Pedro Duarte defendeu neste contexto que a vida política do século XX "não se divide entre esquerda e direita, tal como acontecia no século XX".
"Hoje divide-se entre aqueles que querem puxar o país para cima e os que querem puxar o país para baixo. As oposições têm-se juntado a puxar o país para baixo. Isso não é uma opção do governo, é uma opção das oposições", sustentou.
Interrogado se a sua promoção ao cargo de vice-presidente do PS o coloca na linha de sucessão do atual líder do partido, Luís Montenegro, o presidente da Câmara do Porto afastou esse cenário.
"Para mim é absolutamente claro que não tenho qualquer ambição nem validade de exercer qualquer outra função política depois de ser presidente da Câmara do Porto. Não tenho qualquer validade dessa natureza. Estou muito feliz como presidente da Câmara do Porto, é assim que quero continuar e depois disso fazer outras coisas que não na vida política", reiterou.
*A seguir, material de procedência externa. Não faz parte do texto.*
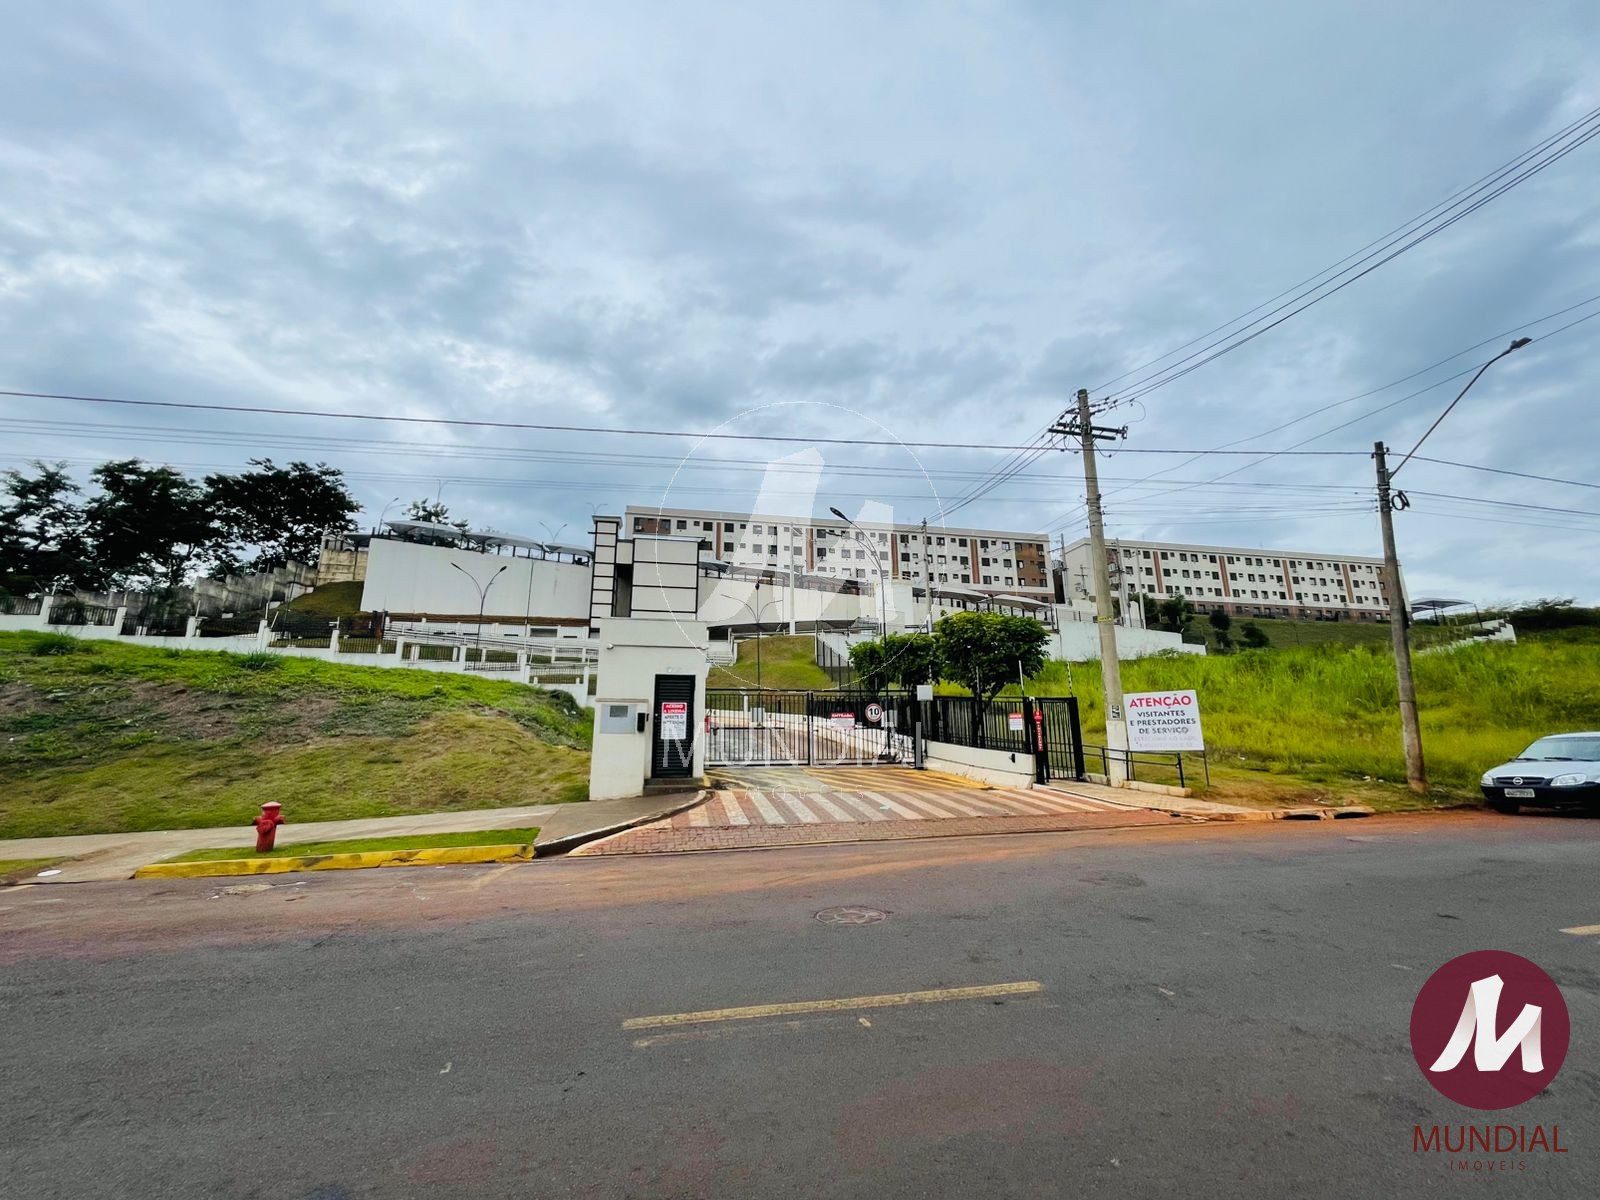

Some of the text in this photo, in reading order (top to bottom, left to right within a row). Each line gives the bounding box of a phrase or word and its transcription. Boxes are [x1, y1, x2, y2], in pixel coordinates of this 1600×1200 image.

[1129, 693, 1191, 709] ATENÇÃO
[869, 708, 879, 716] 10
[1137, 710, 1186, 718] VISITANTES
[1137, 718, 1196, 726] PRESTADORES
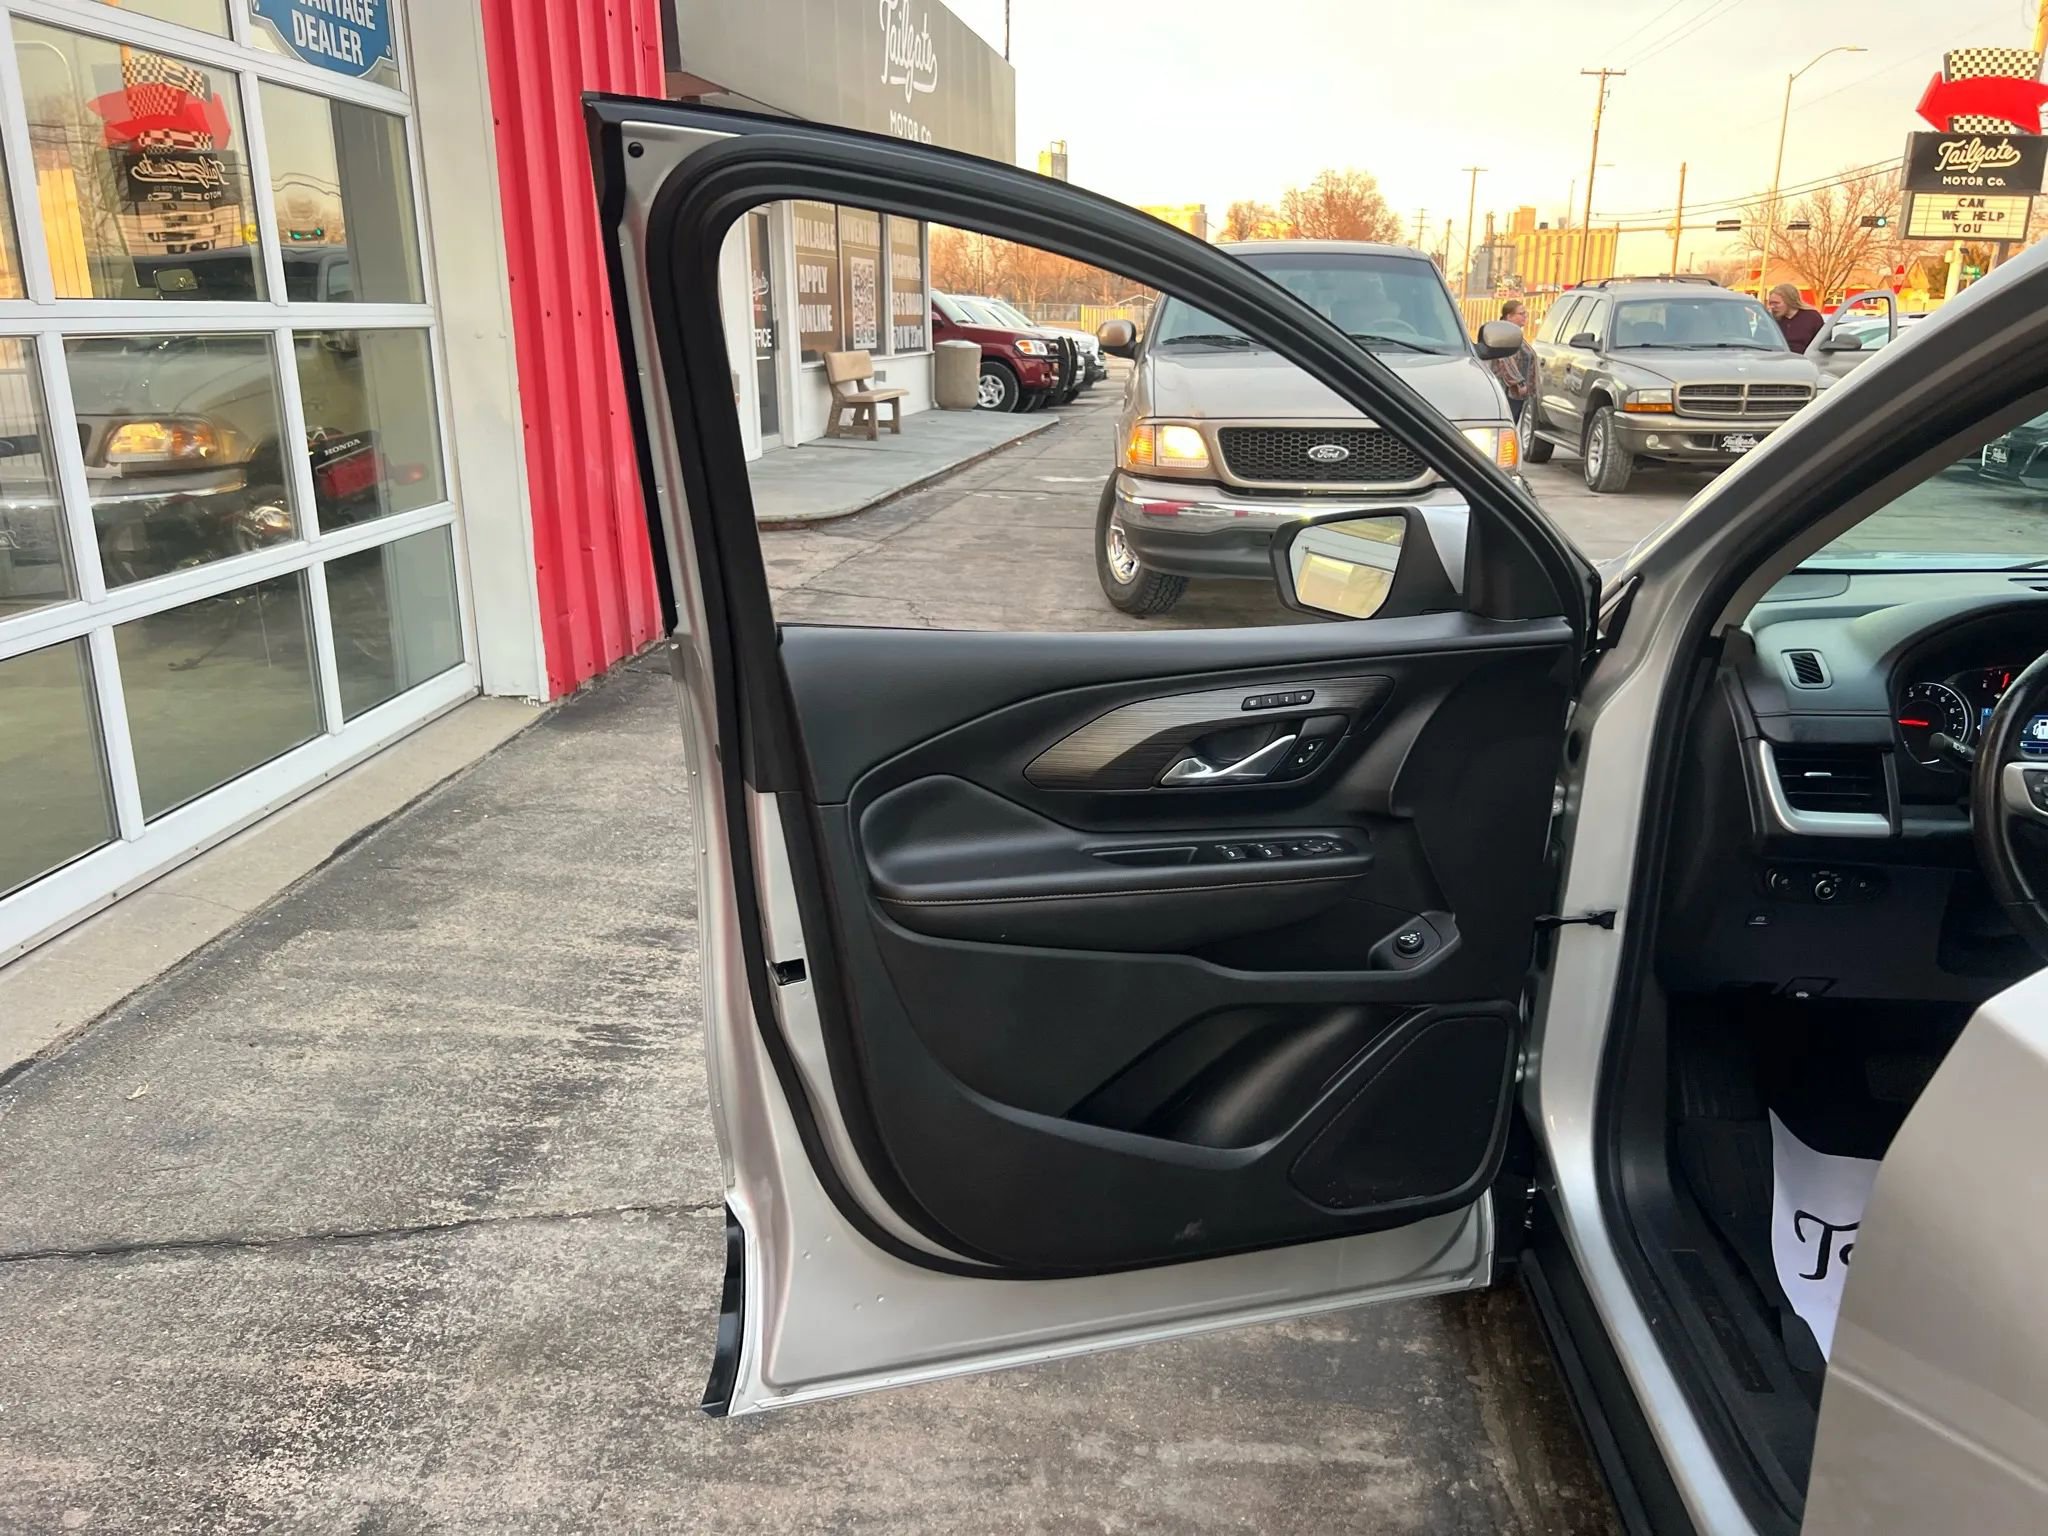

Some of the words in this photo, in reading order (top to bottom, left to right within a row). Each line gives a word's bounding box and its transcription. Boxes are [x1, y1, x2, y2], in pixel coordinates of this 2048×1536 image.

[299, 0, 377, 30] NTAGE
[291, 9, 365, 66] DEALER
[879, 0, 938, 104] Tailgate
[889, 109, 919, 142] MOTOR
[1934, 137, 2022, 174] Tailgate
[1942, 176, 1983, 186] MOTOR
[1942, 210, 1960, 220] WE
[1973, 211, 2005, 222] HELP
[1958, 198, 1985, 208] CAN
[1954, 223, 1982, 233] YOU
[799, 264, 828, 293] APPLY
[799, 304, 833, 333] ONLINE
[323, 438, 361, 456] HONDA
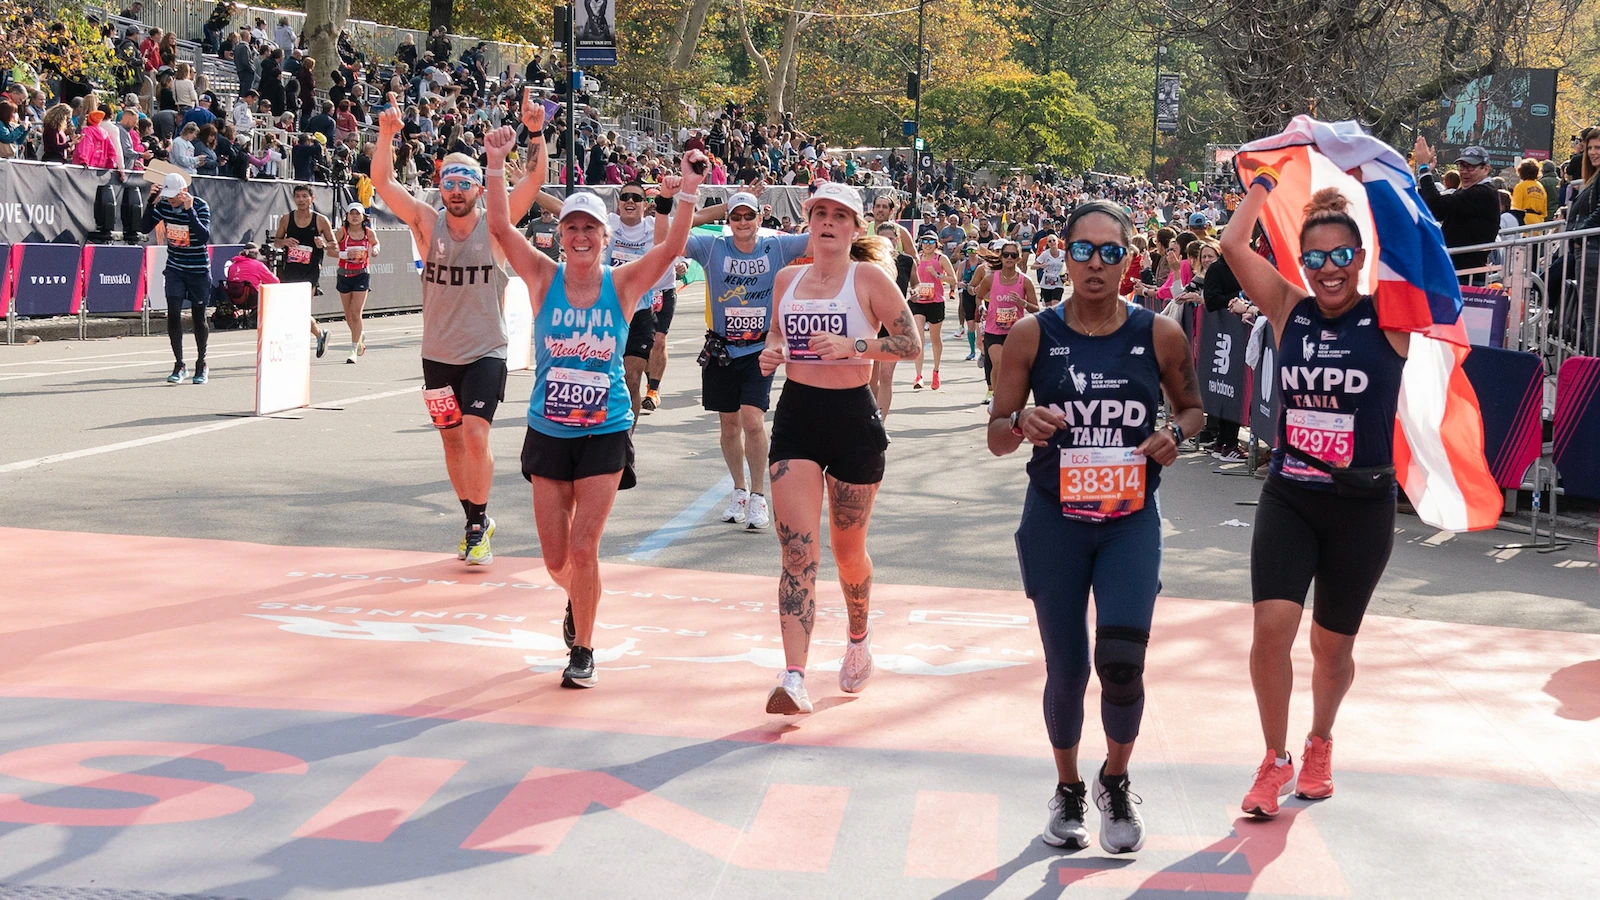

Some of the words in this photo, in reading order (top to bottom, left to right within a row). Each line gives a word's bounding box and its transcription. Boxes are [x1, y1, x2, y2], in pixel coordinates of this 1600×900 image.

Também à entrada para o Congresso Nacional do PSD, o presidente da Assembleia da República, José Pedro Aguiar-Branco, recusou-se a fazer declarações de caráter partidário.
"Sou militante desde 1974, não faço declarações políticas, venho ouvir os militantes, os congressistas. Não confundo n função de presidente da Assembleia da República com a de militante. Sabem que é assim desde que sou presidente da Assembleia da República", frisou José Pedro Aguiar-Branco.
A sua presente no Congresso Nacional do PSD, acrescentou o presidente do Parlamento, destina-se a "observar e ouvir os congressistas - e nada mais".